▶

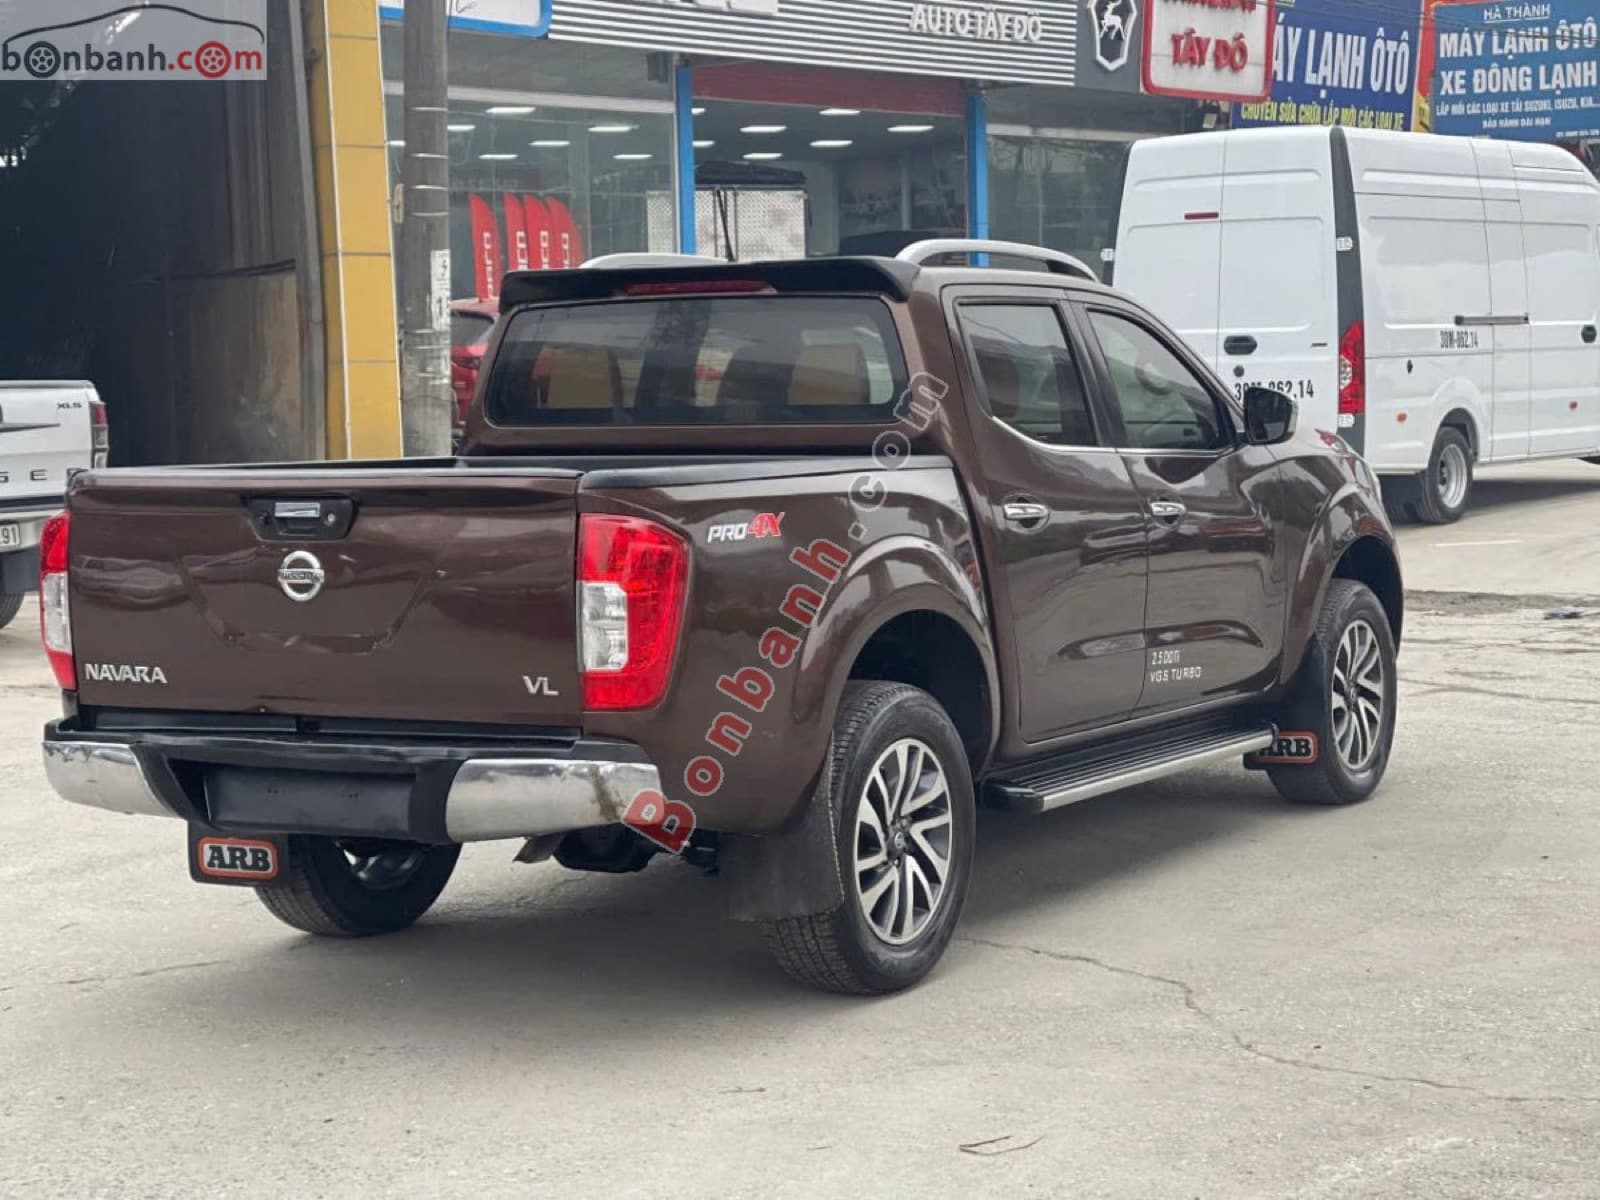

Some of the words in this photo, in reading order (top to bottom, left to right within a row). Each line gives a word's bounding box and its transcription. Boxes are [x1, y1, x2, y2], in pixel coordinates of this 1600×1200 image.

[909, 4, 971, 35] AUTO
[1483, 4, 1502, 20] HÀ
[1505, 3, 1550, 19] THÀNH
[1171, 27, 1210, 67] TÂY
[1439, 27, 1485, 58] MÁY
[1492, 26, 1549, 60] LẠNH
[1555, 15, 1598, 51] ÔTÔ
[1272, 12, 1302, 83] ÁY
[1304, 28, 1367, 99] LẠNH
[1370, 26, 1410, 95] ÔTÔ
[1440, 69, 1467, 96] XE
[1473, 62, 1533, 94] ĐÔNG
[1539, 60, 1598, 95] LẠNH
[56, 402, 82, 410] XLS
[84, 663, 168, 684] NAVARA
[522, 675, 559, 696] VL
[1150, 669, 1169, 683] VGS
[1171, 666, 1202, 680] TURBO
[1266, 738, 1312, 757] RB
[207, 844, 271, 872] ARB
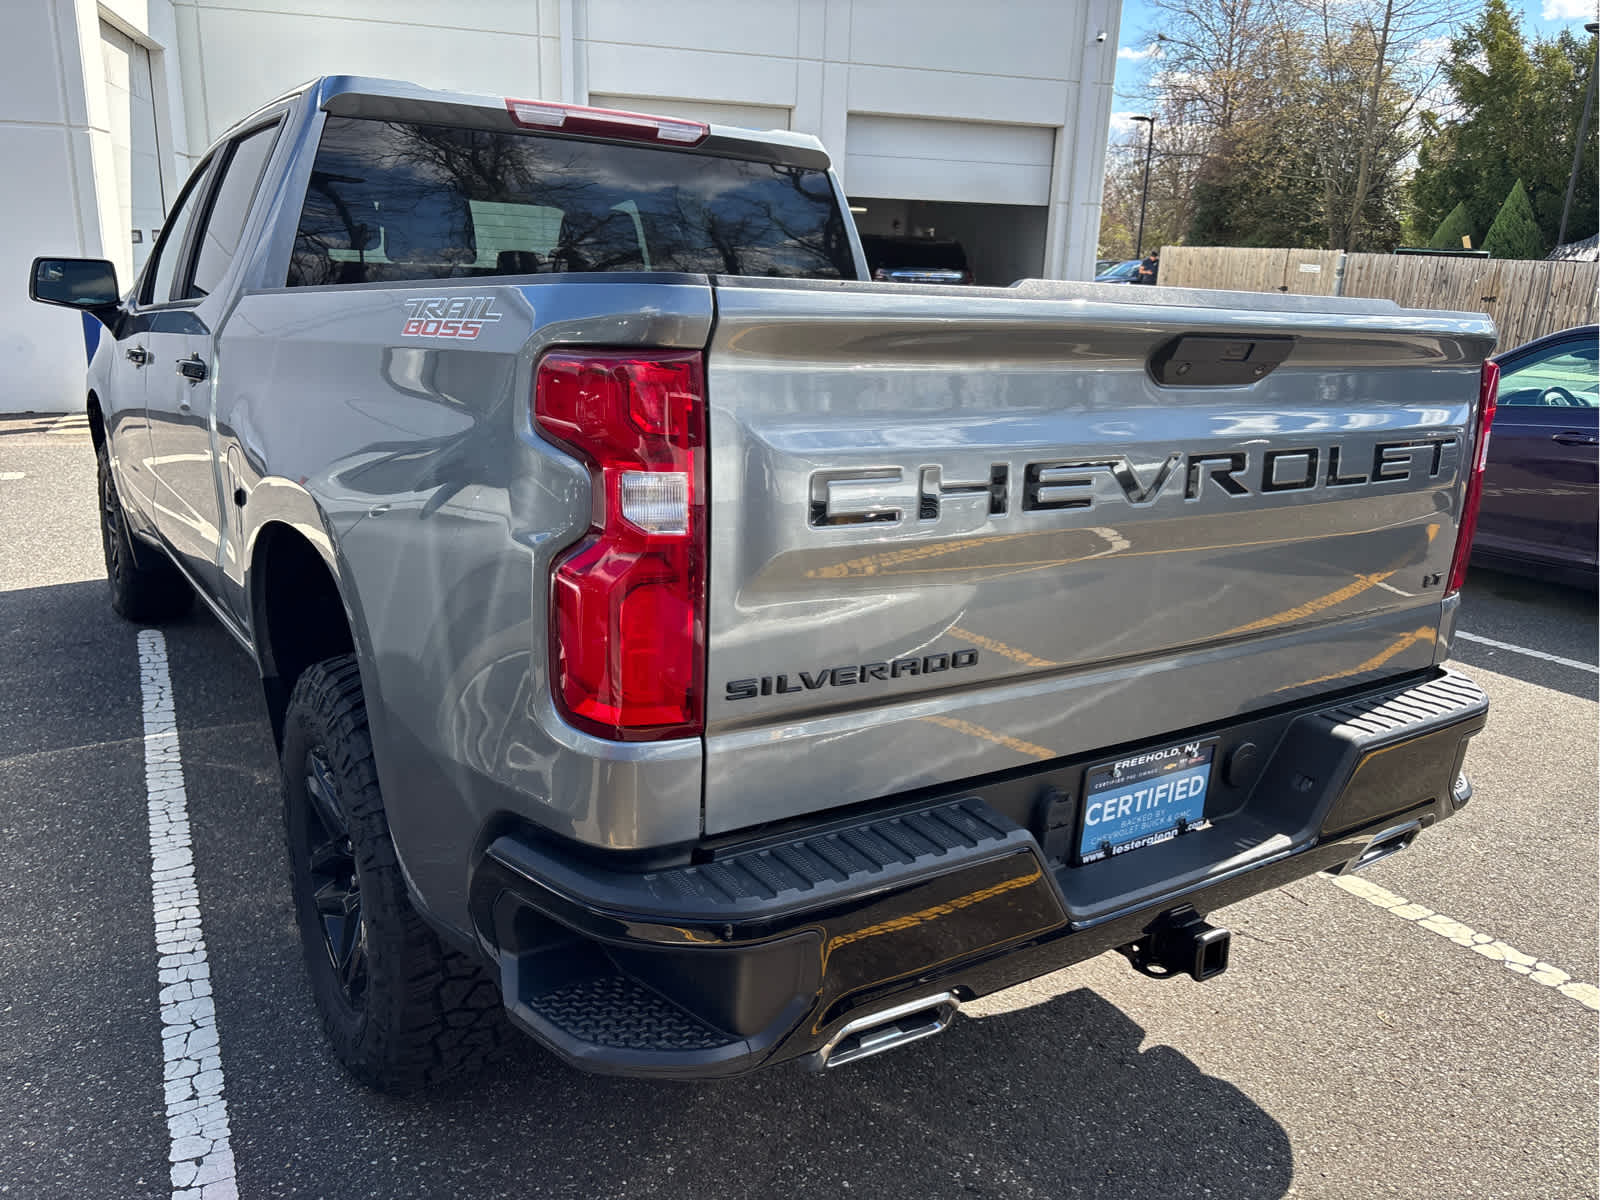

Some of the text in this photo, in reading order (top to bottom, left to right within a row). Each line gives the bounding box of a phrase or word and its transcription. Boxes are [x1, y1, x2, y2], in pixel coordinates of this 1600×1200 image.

[404, 296, 503, 322] TRAIL
[400, 319, 484, 340] BOSS
[807, 438, 1458, 529] CHEVROLET
[1422, 573, 1441, 588] LT
[725, 648, 979, 701] SILVERADO
[1184, 742, 1201, 754] NJ
[1085, 775, 1205, 826] CERTIFIED
[1090, 823, 1139, 846] CHEVROLET
[1141, 816, 1166, 830] BUICK
[1174, 809, 1192, 820] GMC
[1120, 809, 1166, 828] BACKED BY

◀

Could you repeat all of the data exactly, minus the pictures?

--- WRITTEN RESPONSE ---
Some of the words in this photo, in reading order (top to bottom, left to right within a row). Each line gives a word's bounding box and its transcription. Boxes are [x1, y1, x2, y2], in pixel coordinates of this 1600×1200 image.

[909, 4, 971, 35] AUTO
[1483, 4, 1502, 20] HÀ
[1505, 3, 1550, 19] THÀNH
[1171, 27, 1210, 67] TÂY
[1439, 27, 1485, 58] MÁY
[1492, 26, 1549, 60] LẠNH
[1555, 15, 1598, 51] ÔTÔ
[1272, 12, 1302, 83] ÁY
[1304, 28, 1367, 99] LẠNH
[1370, 26, 1410, 95] ÔTÔ
[1440, 69, 1467, 96] XE
[1473, 62, 1533, 94] ĐÔNG
[1539, 60, 1598, 95] LẠNH
[56, 402, 82, 410] XLS
[84, 663, 168, 684] NAVARA
[522, 675, 559, 696] VL
[1150, 669, 1169, 683] VGS
[1171, 666, 1202, 680] TURBO
[1266, 738, 1312, 757] RB
[207, 844, 271, 872] ARB

Some of the text in this photo, in reading order (top to bottom, left to right within a row). Each line gives the bounding box of a phrase or word and its transcription. Boxes are [x1, y1, x2, y2], in pixel coordinates of this 1600×1200 image.

[404, 296, 503, 322] TRAIL
[400, 319, 484, 340] BOSS
[807, 438, 1458, 529] CHEVROLET
[1422, 573, 1441, 588] LT
[725, 648, 979, 701] SILVERADO
[1184, 742, 1201, 754] NJ
[1085, 775, 1205, 826] CERTIFIED
[1090, 823, 1139, 846] CHEVROLET
[1141, 816, 1166, 830] BUICK
[1174, 809, 1192, 820] GMC
[1120, 809, 1166, 828] BACKED BY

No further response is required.